The reply should contain every entry exactly as given, with no pictures in it.

» **Data**:
--------

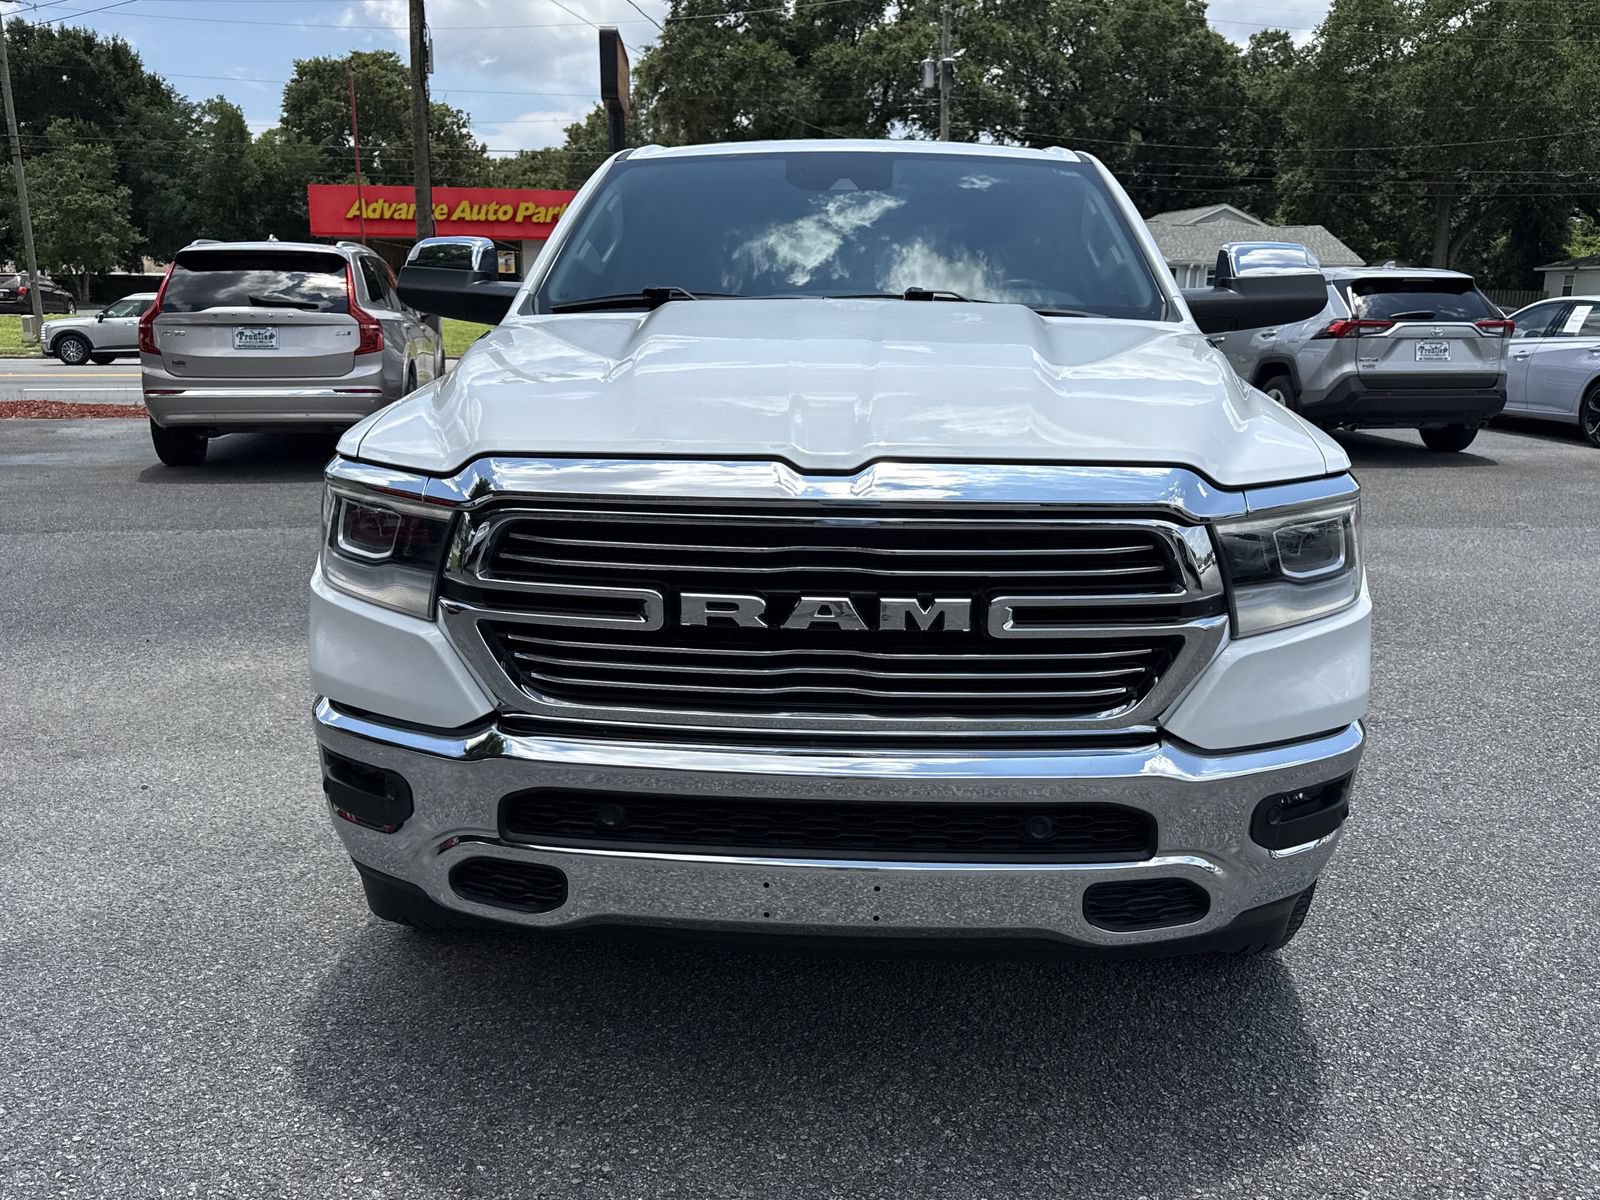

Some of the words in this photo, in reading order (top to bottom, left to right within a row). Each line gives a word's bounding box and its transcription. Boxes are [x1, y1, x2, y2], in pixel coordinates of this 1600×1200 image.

[345, 198, 448, 220] Advane
[451, 199, 514, 221] Auto
[680, 592, 972, 631] RAM
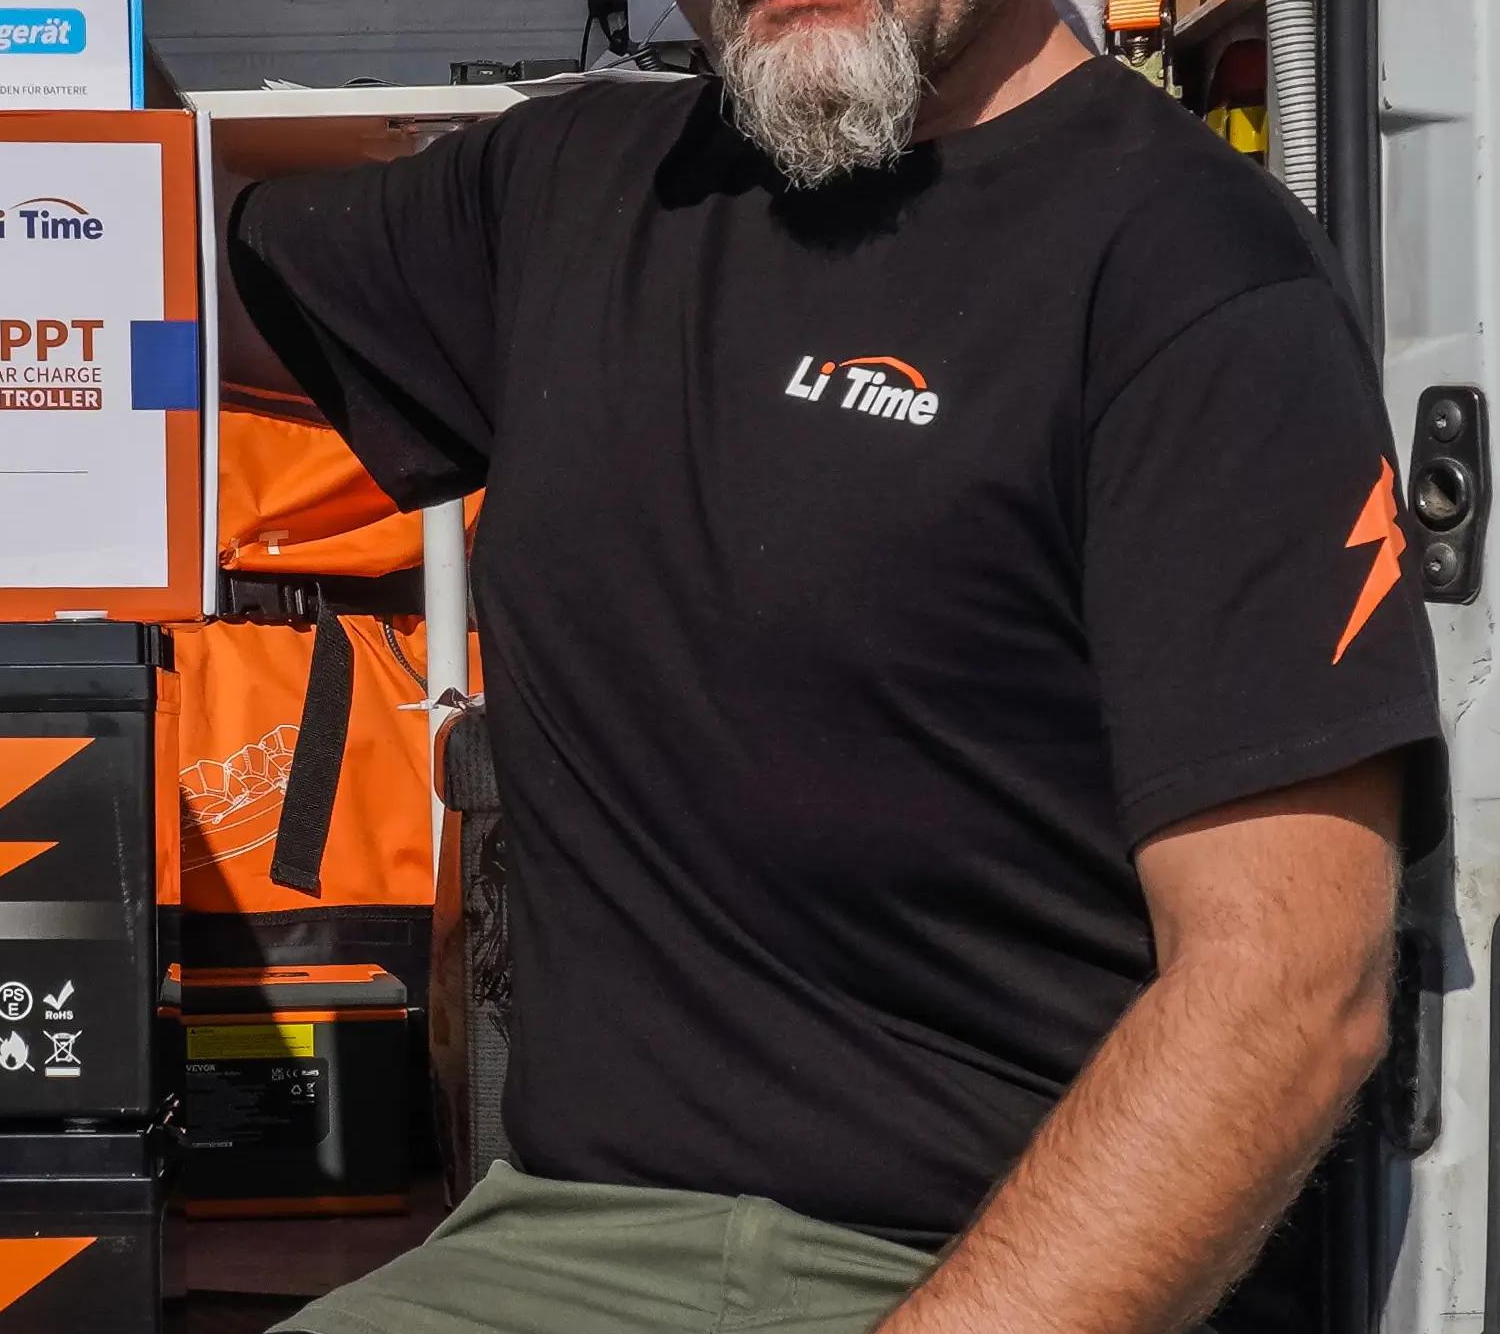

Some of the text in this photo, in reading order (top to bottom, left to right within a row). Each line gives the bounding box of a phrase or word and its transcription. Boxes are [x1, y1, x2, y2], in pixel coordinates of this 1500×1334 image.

[22, 84, 41, 96] FÜR
[43, 85, 88, 96] BATTERIE
[19, 210, 104, 240] Time
[22, 367, 102, 384] CHARGE
[785, 355, 939, 425] Li Time
[45, 1010, 74, 1020] RoHS
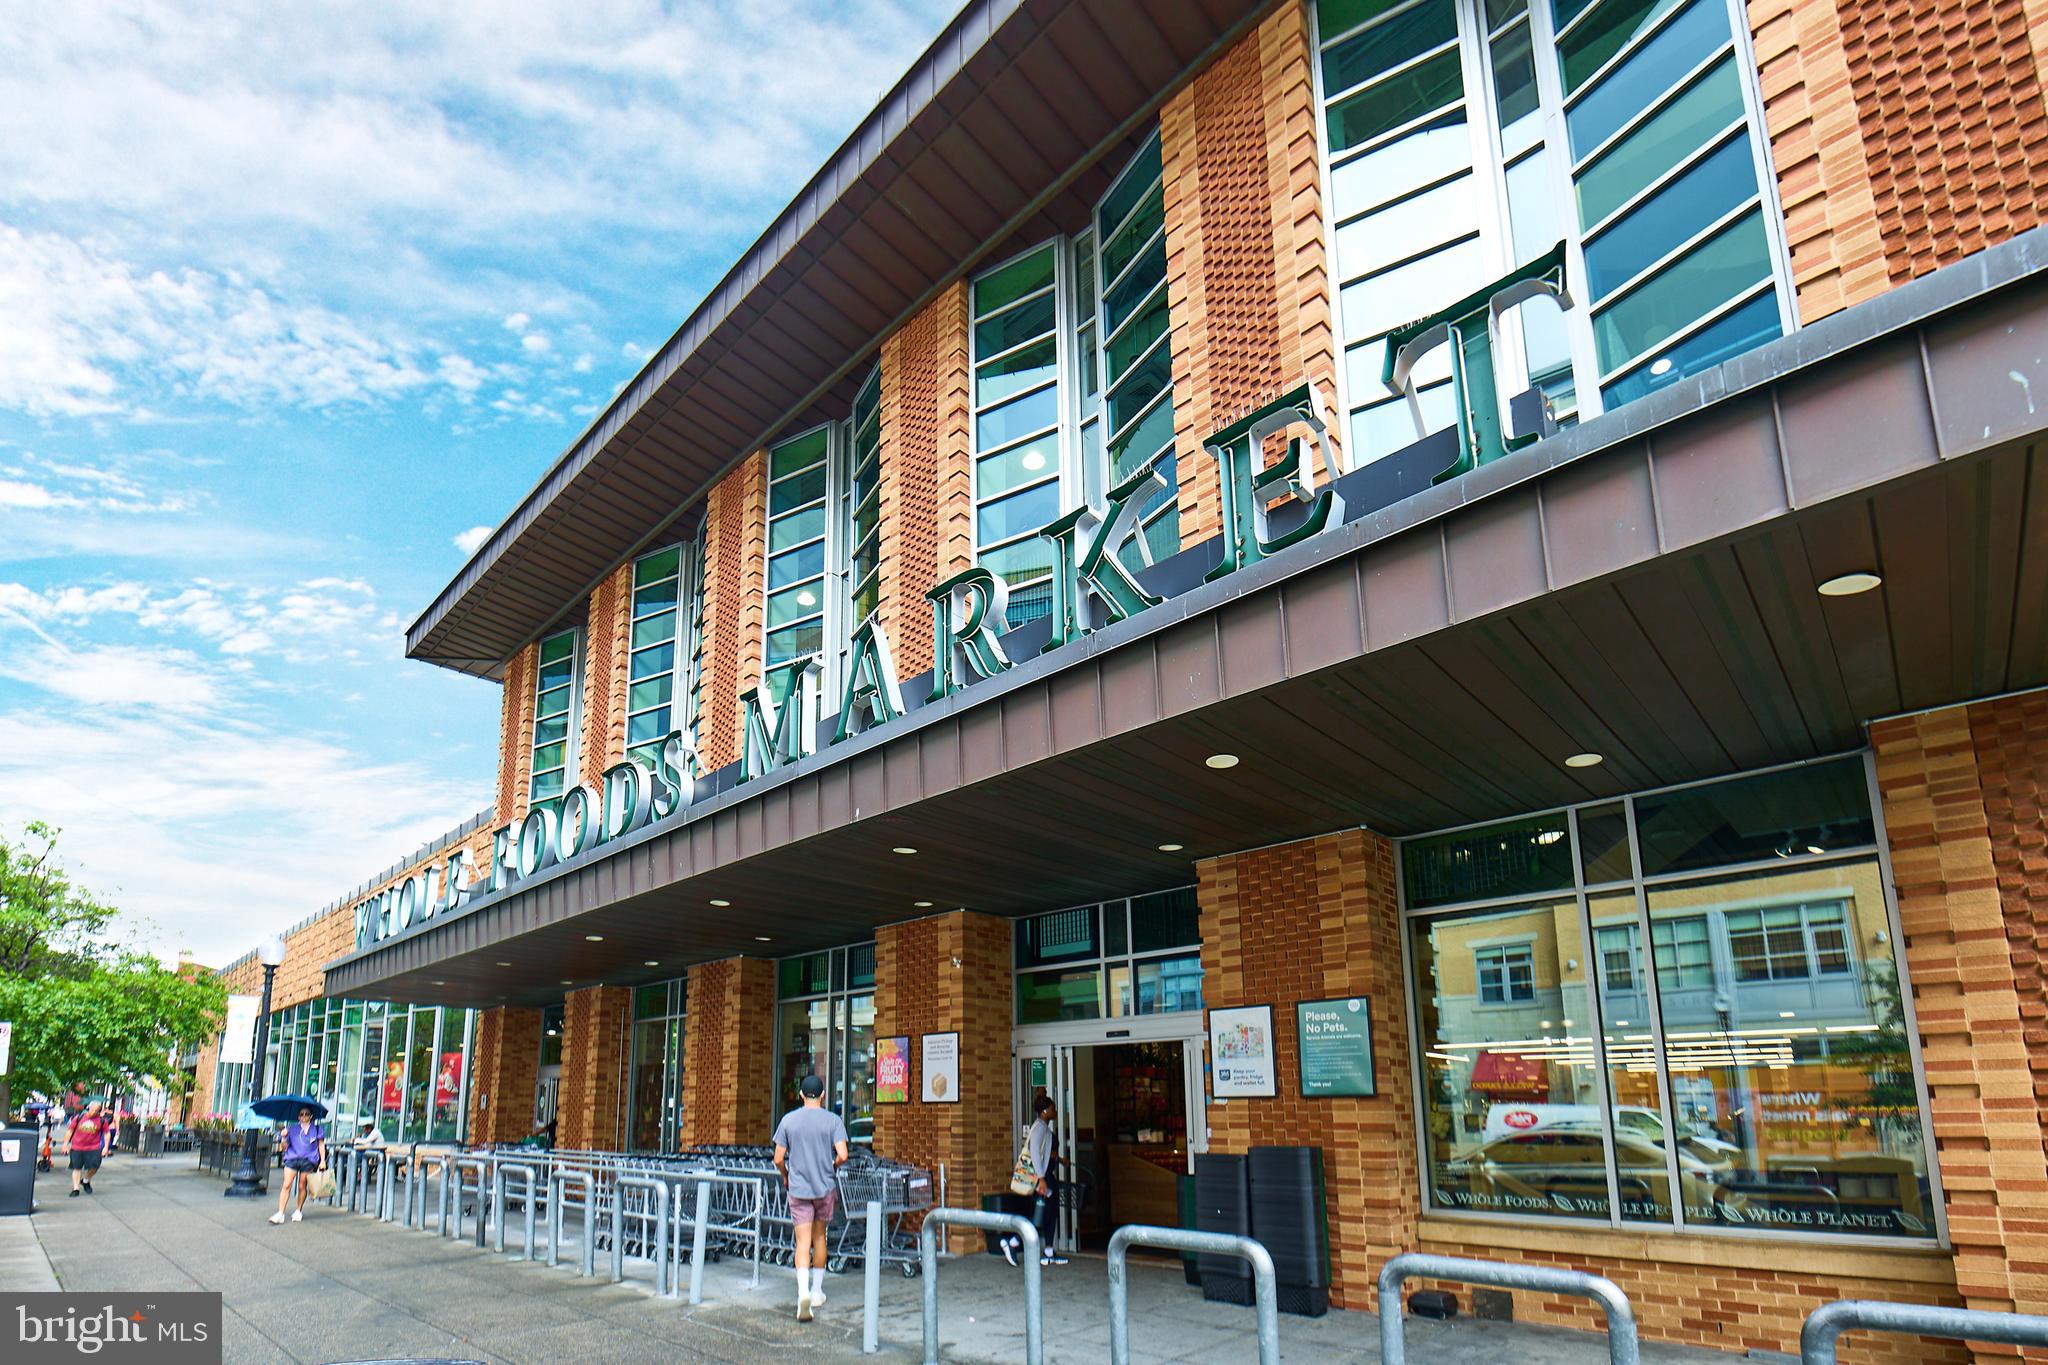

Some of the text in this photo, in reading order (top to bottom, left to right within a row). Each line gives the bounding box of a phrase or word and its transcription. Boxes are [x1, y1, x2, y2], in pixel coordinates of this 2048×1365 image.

--------

» **Solution to the exercise**:
Some of the words in this photo, in reading order (top to bottom, left to right within a row). Each line gives a word's bounding box and its transcription. Boxes are [x1, y1, x2, y2], in pixel coordinates of this 1600×1200 image.

[345, 198, 448, 220] Advane
[451, 199, 514, 221] Auto
[680, 592, 972, 631] RAM

Some of the text in this photo, in reading order (top to bottom, left to right within a row). Each line gives the bounding box of a phrase or word and its transcription. Boxes are [x1, y1, x2, y2], in pixel coordinates of this 1500×1334 image.

[22, 84, 41, 96] FÜR
[43, 85, 88, 96] BATTERIE
[19, 210, 104, 240] Time
[22, 367, 102, 384] CHARGE
[785, 355, 939, 425] Li Time
[45, 1010, 74, 1020] RoHS

Some of the text in this photo, in reading order (top to bottom, left to right within a row). Each line gives the bounding box of a phrase or word and its transcription. Boxes are [x1, y1, x2, y2], in pixel coordinates of this 2048×1365 image.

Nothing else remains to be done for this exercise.